Yeah, she was getting pretty tired of the whole thing: the doctor’s visits, the lying about who she was, the prohibition on using her powers, and the constant phantom pains. Not to mention being almost three years out of date on everything.
A loud crash from out by the garage distracted her from her third round of making plans to run away.
Sincerely hoping it was burglars so the day might be interesting, Dana jumped to her feet and ran around the side of the house to investigate.

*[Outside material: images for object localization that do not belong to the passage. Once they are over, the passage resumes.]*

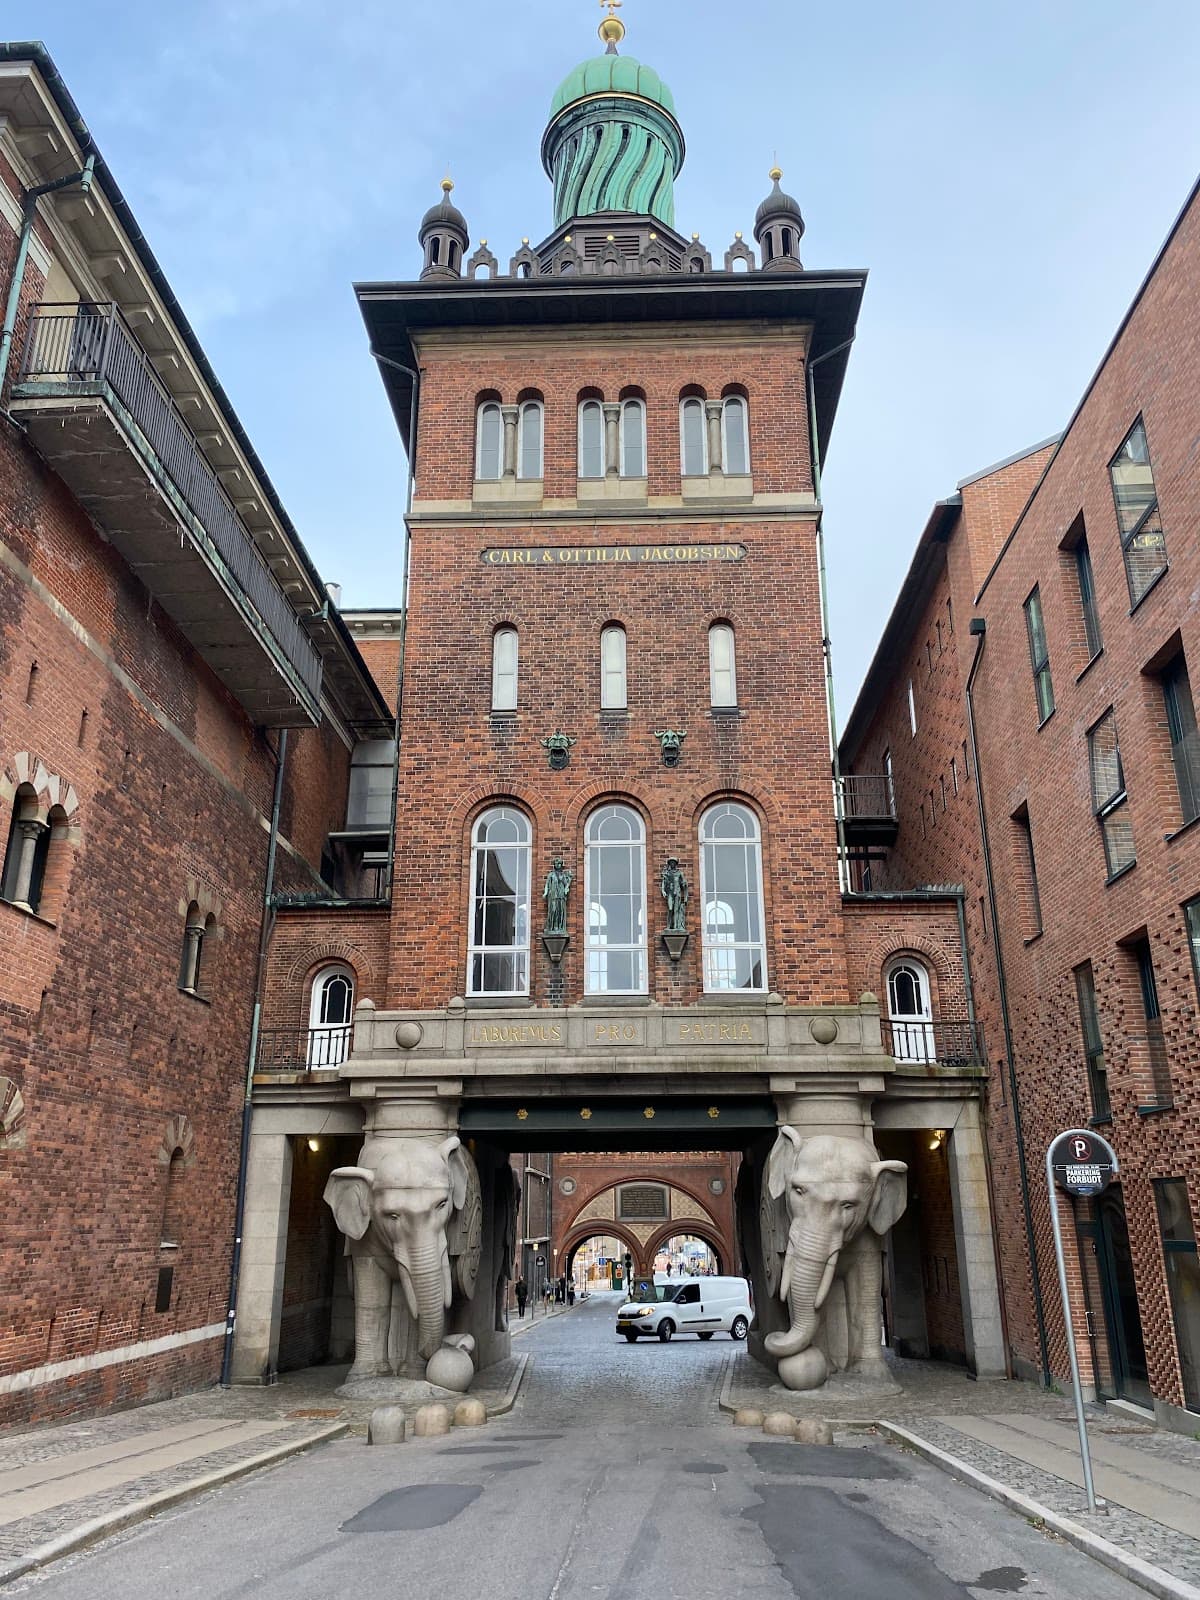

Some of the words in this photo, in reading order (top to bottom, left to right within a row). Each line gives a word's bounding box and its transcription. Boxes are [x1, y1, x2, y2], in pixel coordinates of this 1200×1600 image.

[488, 550, 537, 563] CARL
[542, 550, 554, 562] &
[559, 549, 632, 562] OTTILIA
[641, 546, 740, 561] JACOBSEN
[471, 1024, 561, 1042] LABOREMUS
[594, 1023, 638, 1041] PRO
[680, 1023, 753, 1041] PATRIA
[1066, 1175, 1102, 1184] FORBUDT
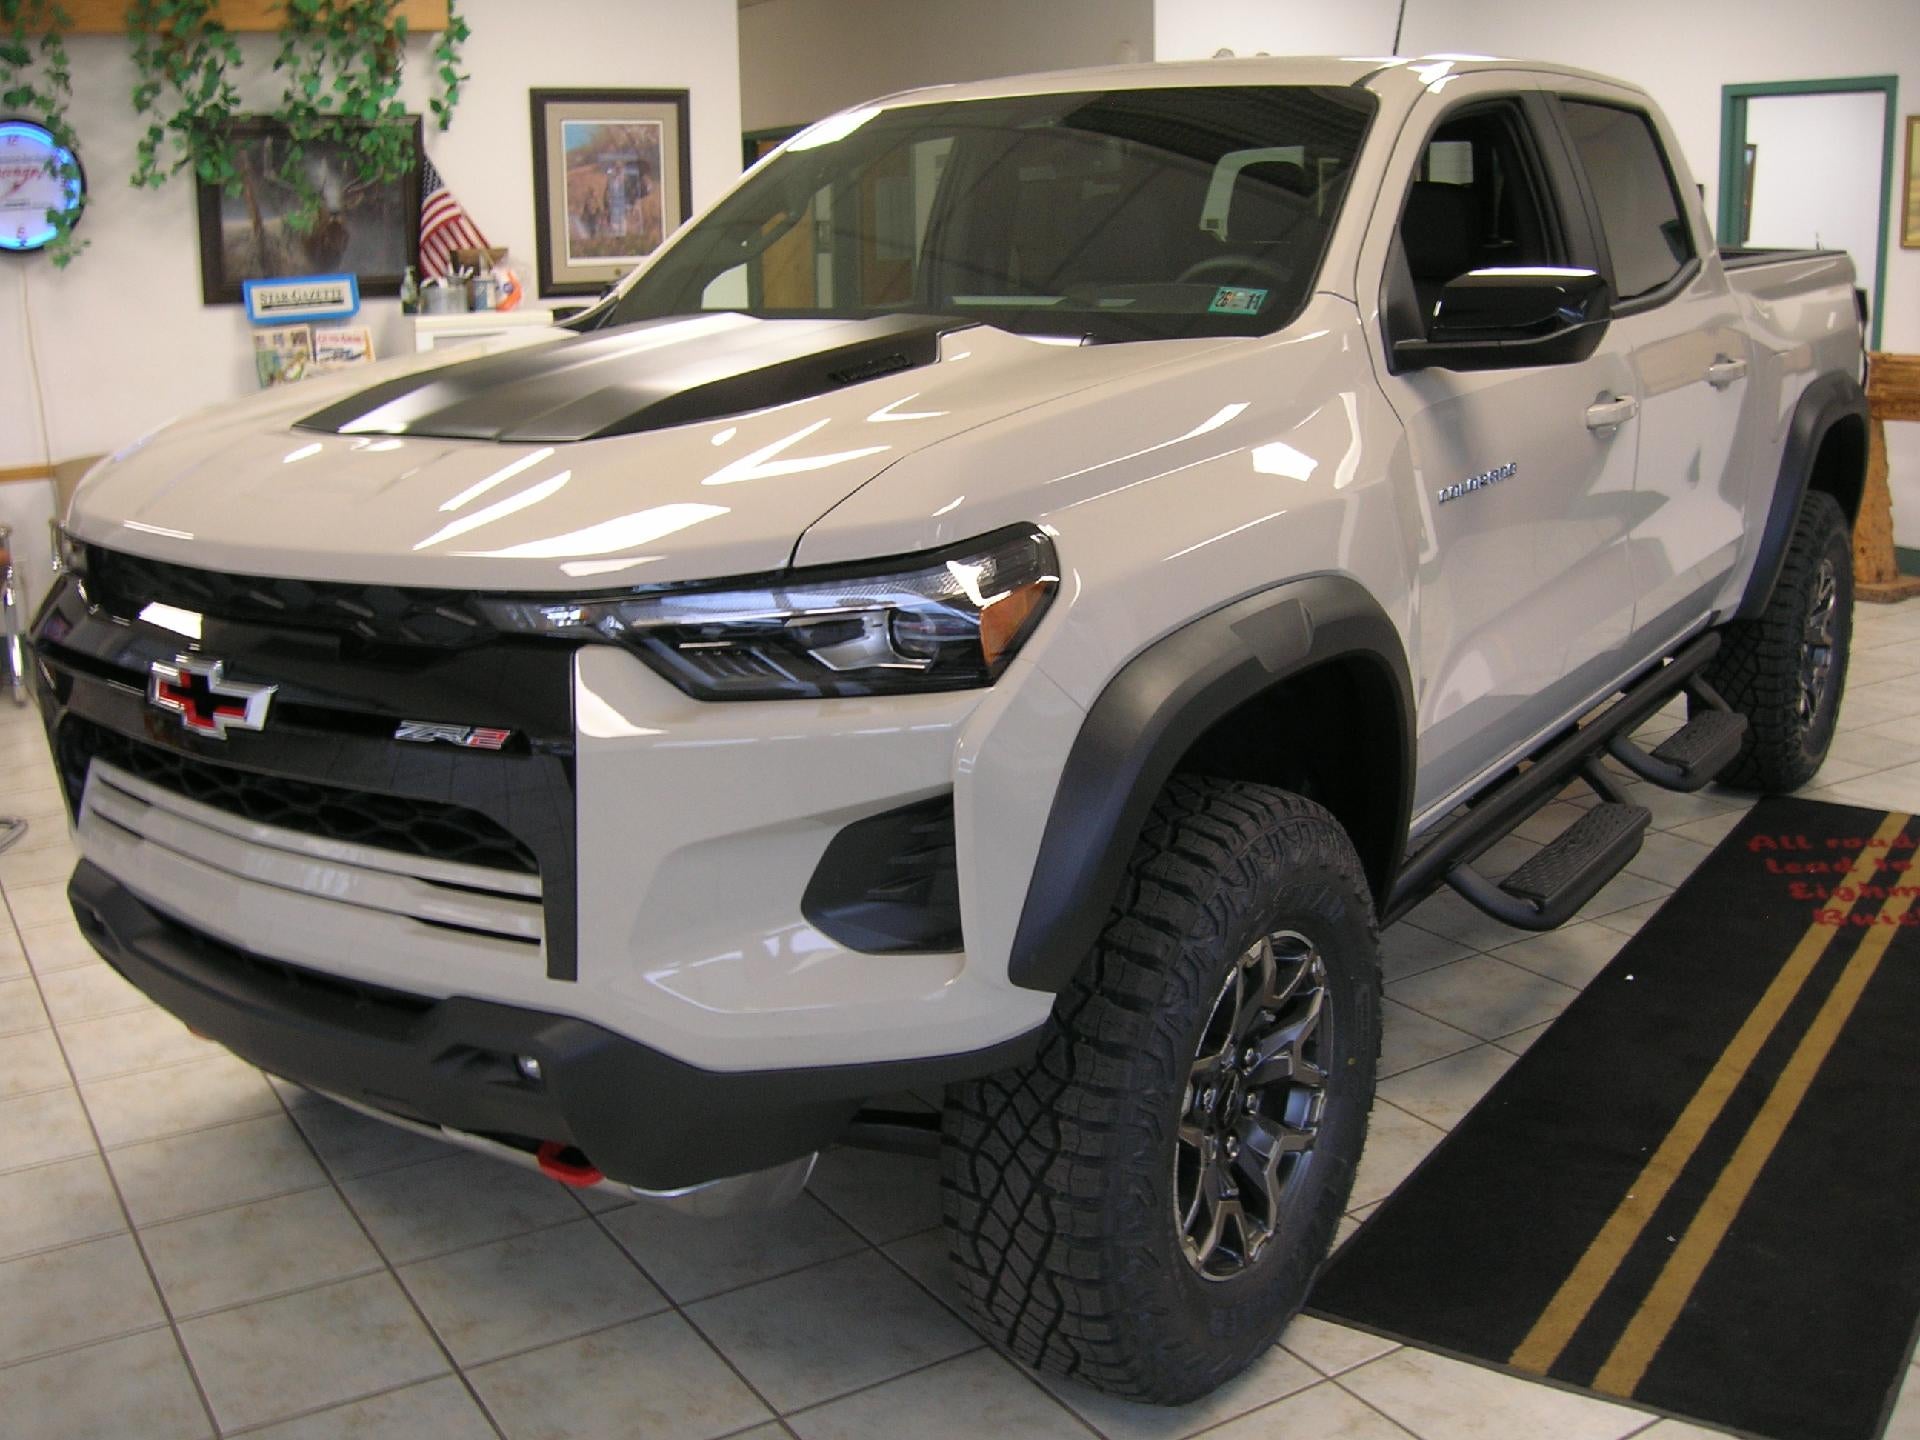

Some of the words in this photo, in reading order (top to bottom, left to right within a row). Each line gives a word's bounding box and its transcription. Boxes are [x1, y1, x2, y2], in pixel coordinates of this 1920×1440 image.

As it turned out, the culprit was a gigantic gray tomcat who was, at the moment, tearing open a bag from the garbage cans he’d knocked over with his claws.
“Oh no you don’t kitty.” The trash cans tipped back upward violently, sending the tom leaping back to avoid them and cringing as the lids slammed shut. “I’m not gonna clena it up, so you’re going to have to find food elsewhere, okay?”
The tom regarded her carefully, his muscles tensed as if prepared for a fight. And Dana guessed that he could put up a good one—he was the biggest cat she’d ever seen.
But after some lengthy deliberation, the cat relaxed and sat up in a regal pose of an animal who had just been scrounging for scraps. It’s eyes, like a pair of carved emeralds, met her own.
Hello, Hero. A voice, deep, smooth and resonant echoed inside Dana’s head and she almost jumped back. Instead, she threw out her hands and the lids flew off the trash cans and interposed themselves between herself and the feline.
“W-what the hell?”
There’s nothing to be afraid of, Hero. You have been Chosen. And I, Gabraed of Greymalkins, am your humble guide upon your journey. You power is great, but with my instruction, you will be a force of nature strong enough to cleave through the longest Winter.